The holistic approach, which I mentioned in the previous post, is often referred to as the biopsychosocial model of pain. This model makes important distinctions between pain, suffering, and pain behaviors. Pain is normally considered as activity arising from specialized nerve fibers that signals the central nervous system that a traumatic event is occurring. Suffering is the affective response to these stimuli from the nerve receptors. Pain behaviors are the “overt actions people engage in when they suffer or are in pain. These behaviors can exacerbate or decrease the experience of suffering; consequently, they become the primary focus of intervention.” (Grant & Haverkamp 1995) Distinguishing the physical pain from the emotional suffering and the resultant behaviors is more than theoretical parsing, for it opens up a window of freedom in what seems to be the deterministic cage of pain. There may be little that one can do about the physical pain other than pain-relievers and surgery, but the emotional suffering and the pain-related behaviors are still an area where the sufferer may have some choices that can improve an over-quality of life.
An example may suffice to illustrate the point.

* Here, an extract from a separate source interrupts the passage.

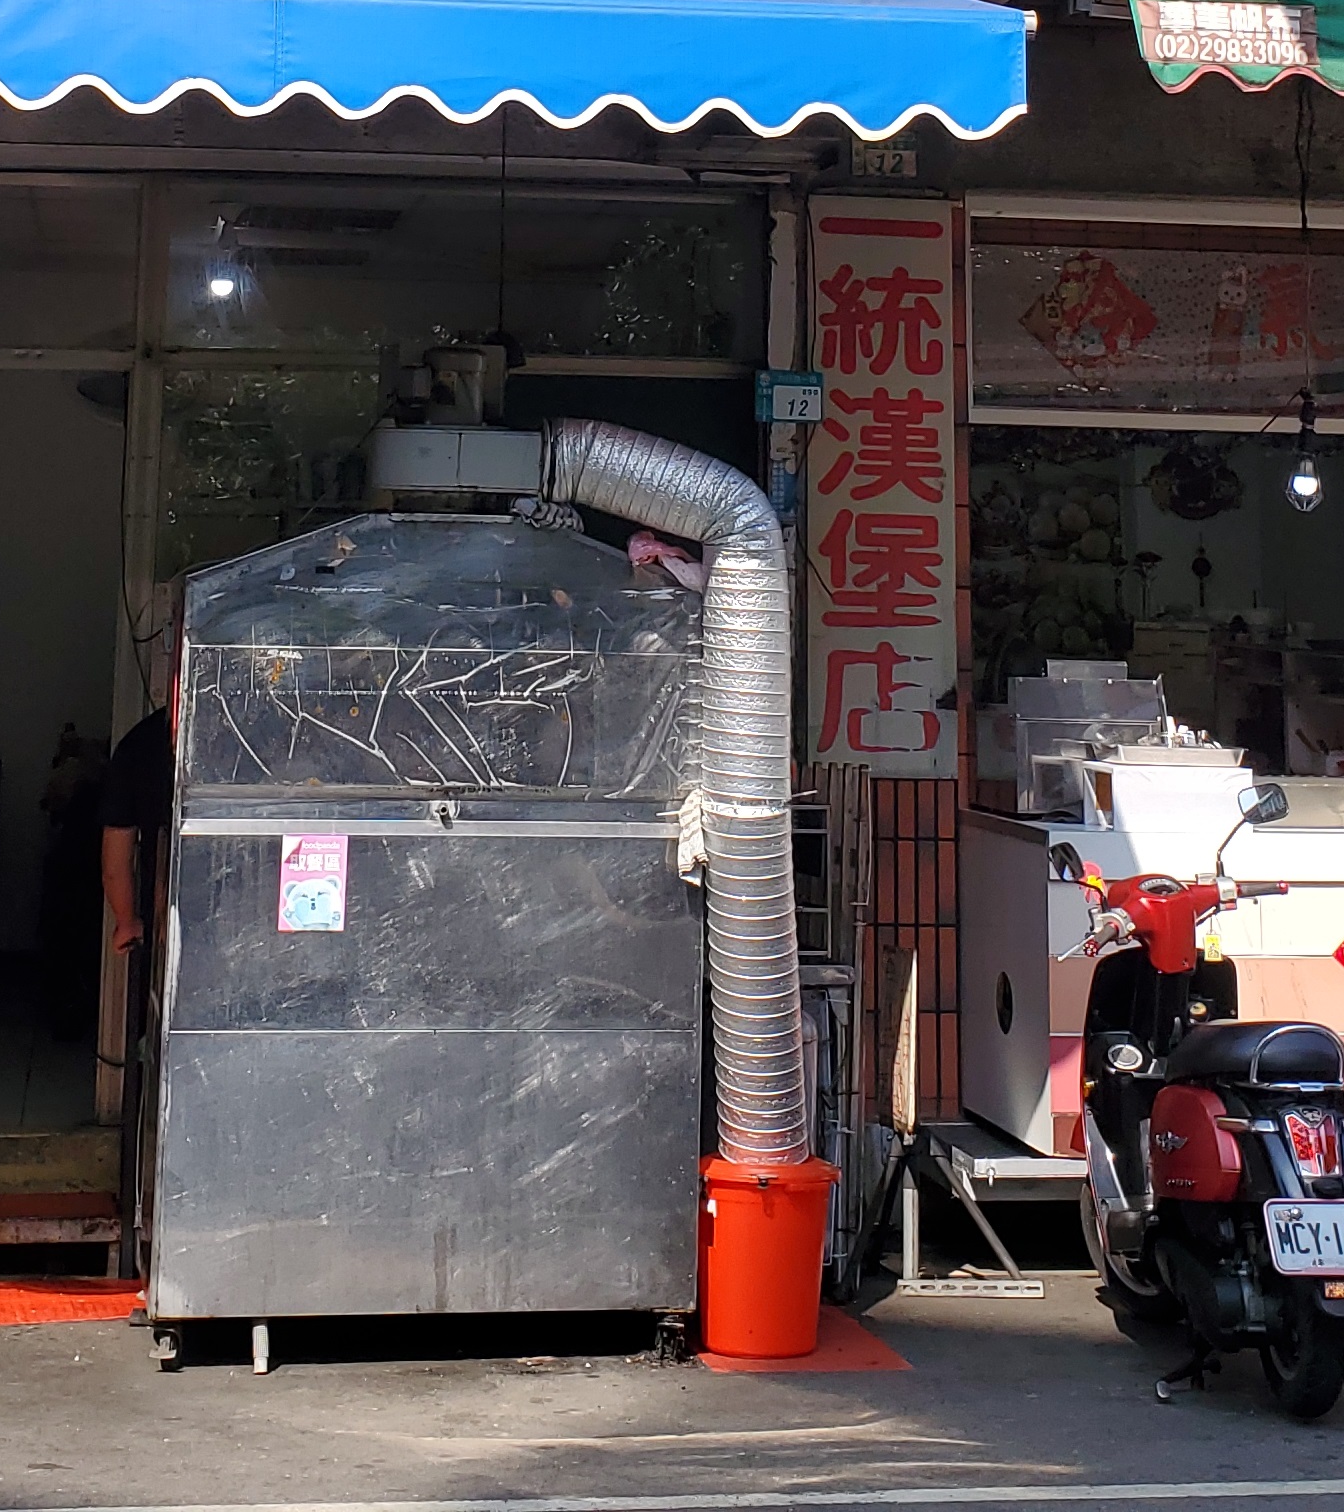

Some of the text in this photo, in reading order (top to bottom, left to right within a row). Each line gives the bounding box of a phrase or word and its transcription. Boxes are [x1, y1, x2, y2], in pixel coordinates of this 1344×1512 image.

A 40-year-old man suffers chronic back pain and is only able to find some relief when in a supine position on a hard surface. The pain is the searing physical sensation in the lower back whose intensity changes with the position he is in. The suffering includes thoughts of all the things he would like to do, but cannot do as well as feelings of sorrow, anger, and worry. The pain behavior involves finding a hard surface and lying down to relieve the pain. This particular pain behavior does not cure the chronic pain, but provide temporary relief of pain and discomfort.
The biopsychosocial model differs from the traditional disease model in that it seeks to manage pain, not cure it. The difference between the two is highlighted even further in that the biomedical model places the diagnosis and the cure solely in the hands of the physician, whereas the biopsychosocial model seeks to empower the sufferer by widening the range of choices for thought, emotion, and behavior and placing the management of pain squarely in the sufferer’s hands with the aim of reducing the impact (not necessarily the intensity) of pain on daily life.
The abbreviated version of the Serenity Prayer offers us a guide to what might be accomplished by examining the physical, social, cognitive, emotional, and spiritual facets related to chronic pain: “God grant me the serenity to accept the things I cannot change, courage to change the things I can and the wisdom to know the difference.” Managing pain is about wisdom and courage in the face of a harrowing affliction. Demonstrating such wisdom and courage often requires a great deal of faith, faith that can move mountains. And if the mountain doesn’t move, perhaps we are the ones who need to move instead. The psalmist once wrote, “by my God have I leaped over a wall” (18:29). The wall is still there, but the believer through faith in God finds himself in another, better place.